TASK DESCRIPTION: Retype every entry exactly, character for character.

MATERIAL SHOWN:
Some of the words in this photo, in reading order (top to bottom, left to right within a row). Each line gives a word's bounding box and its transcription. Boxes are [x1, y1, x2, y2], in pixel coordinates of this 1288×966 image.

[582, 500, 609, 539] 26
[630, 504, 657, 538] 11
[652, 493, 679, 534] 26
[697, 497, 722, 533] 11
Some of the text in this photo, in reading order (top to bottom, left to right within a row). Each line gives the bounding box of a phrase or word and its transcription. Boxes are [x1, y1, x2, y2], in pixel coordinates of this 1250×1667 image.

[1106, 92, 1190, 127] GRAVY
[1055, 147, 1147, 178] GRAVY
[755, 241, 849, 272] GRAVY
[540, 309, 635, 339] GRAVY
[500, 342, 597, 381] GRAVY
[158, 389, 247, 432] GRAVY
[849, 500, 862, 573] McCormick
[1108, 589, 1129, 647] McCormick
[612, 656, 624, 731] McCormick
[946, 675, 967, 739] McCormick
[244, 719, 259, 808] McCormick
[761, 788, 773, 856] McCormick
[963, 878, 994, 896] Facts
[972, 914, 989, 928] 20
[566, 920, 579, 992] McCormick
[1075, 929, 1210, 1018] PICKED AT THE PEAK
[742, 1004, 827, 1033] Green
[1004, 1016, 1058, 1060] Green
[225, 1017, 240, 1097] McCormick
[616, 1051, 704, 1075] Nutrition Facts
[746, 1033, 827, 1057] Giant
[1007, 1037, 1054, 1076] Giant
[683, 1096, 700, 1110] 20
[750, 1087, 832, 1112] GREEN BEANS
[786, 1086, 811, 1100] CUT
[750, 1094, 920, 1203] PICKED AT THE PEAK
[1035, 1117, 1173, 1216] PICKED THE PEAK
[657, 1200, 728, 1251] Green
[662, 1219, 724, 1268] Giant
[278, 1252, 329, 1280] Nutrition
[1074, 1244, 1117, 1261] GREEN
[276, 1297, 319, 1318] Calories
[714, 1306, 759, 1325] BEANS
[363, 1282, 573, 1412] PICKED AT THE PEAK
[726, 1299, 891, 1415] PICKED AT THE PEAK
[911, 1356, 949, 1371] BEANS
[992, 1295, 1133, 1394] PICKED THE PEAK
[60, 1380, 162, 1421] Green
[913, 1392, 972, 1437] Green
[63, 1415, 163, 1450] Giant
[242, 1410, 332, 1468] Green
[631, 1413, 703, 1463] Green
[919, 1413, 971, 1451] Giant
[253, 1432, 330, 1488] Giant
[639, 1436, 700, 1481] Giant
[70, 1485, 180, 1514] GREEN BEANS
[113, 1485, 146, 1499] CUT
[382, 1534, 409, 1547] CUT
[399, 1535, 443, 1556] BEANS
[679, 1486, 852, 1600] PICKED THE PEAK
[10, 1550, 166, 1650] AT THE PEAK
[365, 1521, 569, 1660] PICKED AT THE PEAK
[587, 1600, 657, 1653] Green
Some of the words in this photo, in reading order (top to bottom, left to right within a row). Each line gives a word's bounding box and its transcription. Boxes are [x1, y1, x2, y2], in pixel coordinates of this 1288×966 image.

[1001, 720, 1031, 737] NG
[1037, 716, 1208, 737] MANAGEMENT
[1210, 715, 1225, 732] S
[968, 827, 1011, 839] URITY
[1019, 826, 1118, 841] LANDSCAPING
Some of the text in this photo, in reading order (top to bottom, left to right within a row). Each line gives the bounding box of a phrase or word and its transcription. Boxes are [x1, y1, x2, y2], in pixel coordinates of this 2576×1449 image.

RESPONSE FOR THIS EXERCISE:
Some of the words in this photo, in reading order (top to bottom, left to right within a row). Each line gives a word's bounding box and its transcription. Boxes are [x1, y1, x2, y2], in pixel coordinates of this 1288×966 image.

[582, 500, 609, 539] 26
[630, 504, 657, 538] 11
[652, 493, 679, 534] 26
[697, 497, 722, 533] 11
Some of the text in this photo, in reading order (top to bottom, left to right within a row). Each line gives the bounding box of a phrase or word and its transcription. Boxes are [x1, y1, x2, y2], in pixel coordinates of this 1250×1667 image.

[1106, 92, 1190, 127] GRAVY
[1055, 147, 1147, 178] GRAVY
[755, 241, 849, 272] GRAVY
[540, 309, 635, 339] GRAVY
[500, 342, 597, 381] GRAVY
[158, 389, 247, 432] GRAVY
[849, 500, 862, 573] McCormick
[1108, 589, 1129, 647] McCormick
[612, 656, 624, 731] McCormick
[946, 675, 967, 739] McCormick
[244, 719, 259, 808] McCormick
[761, 788, 773, 856] McCormick
[963, 878, 994, 896] Facts
[972, 914, 989, 928] 20
[566, 920, 579, 992] McCormick
[1075, 929, 1210, 1018] PICKED AT THE PEAK
[742, 1004, 827, 1033] Green
[1004, 1016, 1058, 1060] Green
[225, 1017, 240, 1097] McCormick
[616, 1051, 704, 1075] Nutrition Facts
[746, 1033, 827, 1057] Giant
[1007, 1037, 1054, 1076] Giant
[683, 1096, 700, 1110] 20
[750, 1087, 832, 1112] GREEN BEANS
[786, 1086, 811, 1100] CUT
[750, 1094, 920, 1203] PICKED AT THE PEAK
[1035, 1117, 1173, 1216] PICKED THE PEAK
[657, 1200, 728, 1251] Green
[662, 1219, 724, 1268] Giant
[278, 1252, 329, 1280] Nutrition
[1074, 1244, 1117, 1261] GREEN
[276, 1297, 319, 1318] Calories
[714, 1306, 759, 1325] BEANS
[363, 1282, 573, 1412] PICKED AT THE PEAK
[726, 1299, 891, 1415] PICKED AT THE PEAK
[911, 1356, 949, 1371] BEANS
[992, 1295, 1133, 1394] PICKED THE PEAK
[60, 1380, 162, 1421] Green
[913, 1392, 972, 1437] Green
[63, 1415, 163, 1450] Giant
[242, 1410, 332, 1468] Green
[631, 1413, 703, 1463] Green
[919, 1413, 971, 1451] Giant
[253, 1432, 330, 1488] Giant
[639, 1436, 700, 1481] Giant
[70, 1485, 180, 1514] GREEN BEANS
[113, 1485, 146, 1499] CUT
[382, 1534, 409, 1547] CUT
[399, 1535, 443, 1556] BEANS
[679, 1486, 852, 1600] PICKED THE PEAK
[10, 1550, 166, 1650] AT THE PEAK
[365, 1521, 569, 1660] PICKED AT THE PEAK
[587, 1600, 657, 1653] Green
Some of the words in this photo, in reading order (top to bottom, left to right within a row). Each line gives a word's bounding box and its transcription. Boxes are [x1, y1, x2, y2], in pixel coordinates of this 1288×966 image.

[1001, 720, 1031, 737] NG
[1037, 716, 1208, 737] MANAGEMENT
[1210, 715, 1225, 732] S
[968, 827, 1011, 839] URITY
[1019, 826, 1118, 841] LANDSCAPING
Some of the text in this photo, in reading order (top to bottom, left to right within a row). Each line gives the bounding box of a phrase or word and its transcription. Boxes are [x1, y1, x2, y2], in pixel coordinates of this 2576×1449 image.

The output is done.